Review of Still Life, by Joy Fielding

still_lifeStill Life
by Joy Fielding

Atria Books, New York, 2009. 369 pages.
Starred Review.
Sonderbooks Stand-out 2010: #6 Fiction

This book is wonderful. Richly textured and thought-provoking, it also includes life-or-death suspense.

Casey Marshall has a perfect life. Having lunch with her best friends, it’s clear that one at least thinks it’s a bit too perfect. Casey and her handsome husband are even talking about starting a family soon.

But after lunch, something happens. Casey wakes up in darkness, only able to hear voices. They are talking about a terrible accident that happened to “the patient,” run down by an SUV. She begins recognizing distraught voices of people she knows and loves, and it dawns on her that the accident happened to her.
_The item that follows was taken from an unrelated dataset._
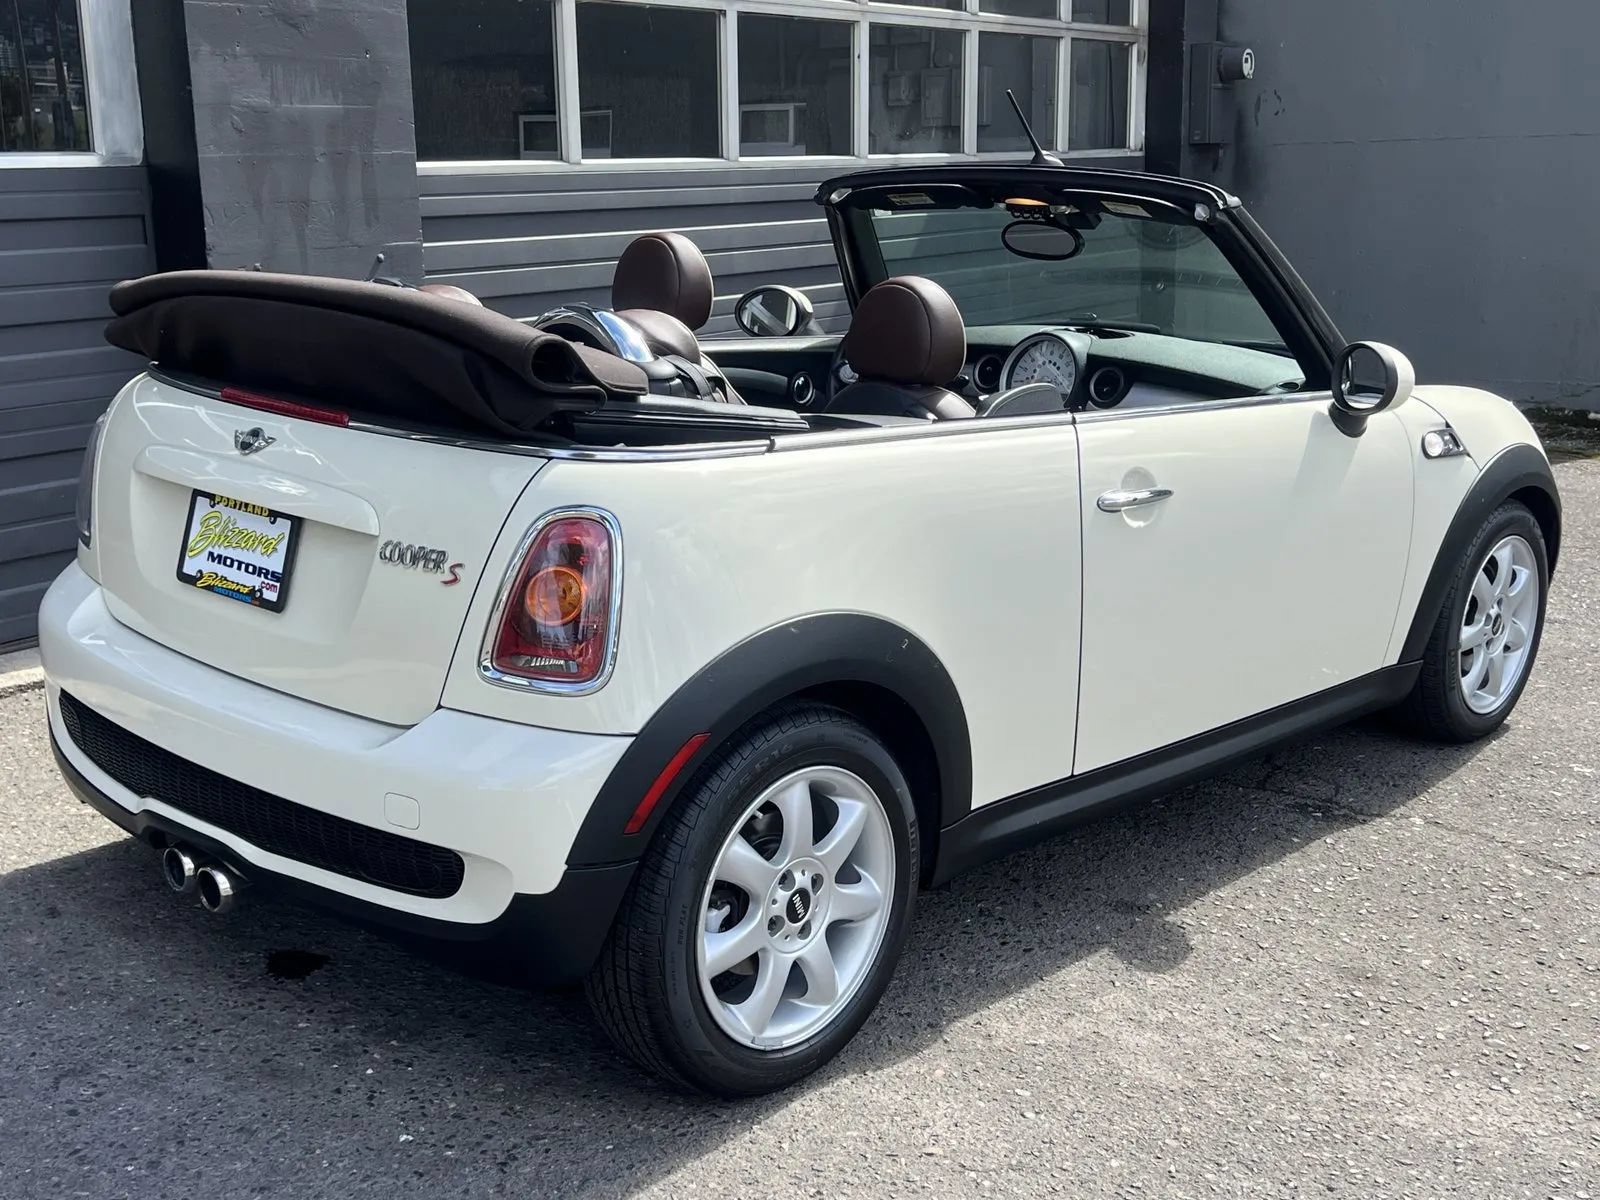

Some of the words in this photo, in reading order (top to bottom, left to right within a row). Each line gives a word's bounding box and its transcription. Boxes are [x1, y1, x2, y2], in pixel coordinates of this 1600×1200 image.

Nobody knows that she can hear them. People tell her husband that he should get on with his life, but he says he can’t stay away from her, he loves her too much. Her sister Drew is mad because Casey’s the executor of their parents’ estate, and Drew wants her allowance. A nurse’s aide talks about how handsome her husband is, and how she thinks she’ll be able to seduce him. Casey hears her making progress.
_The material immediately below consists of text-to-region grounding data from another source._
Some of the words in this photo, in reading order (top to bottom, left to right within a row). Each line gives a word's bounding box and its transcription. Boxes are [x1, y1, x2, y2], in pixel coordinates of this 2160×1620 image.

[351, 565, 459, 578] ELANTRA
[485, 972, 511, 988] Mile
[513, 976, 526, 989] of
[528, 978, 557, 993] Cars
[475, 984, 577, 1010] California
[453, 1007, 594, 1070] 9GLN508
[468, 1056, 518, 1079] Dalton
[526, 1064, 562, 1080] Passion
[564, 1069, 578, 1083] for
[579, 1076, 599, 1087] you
Then a detective comes along. He suspects the accident was not an accident after all. Now Casey has memories of all her friends and wonders who would want to hurt her.

Eventually the book becomes like the old classic Rear Window. Casey knows who wants to kill her, even though they have everyone else completely fooled. She knows when that person is planning to do it. But she is absolutely powerless to stop them. Or is she?

I would love to say more, but I will settle for saying that I loved this book and found the ending thoroughly satisfying.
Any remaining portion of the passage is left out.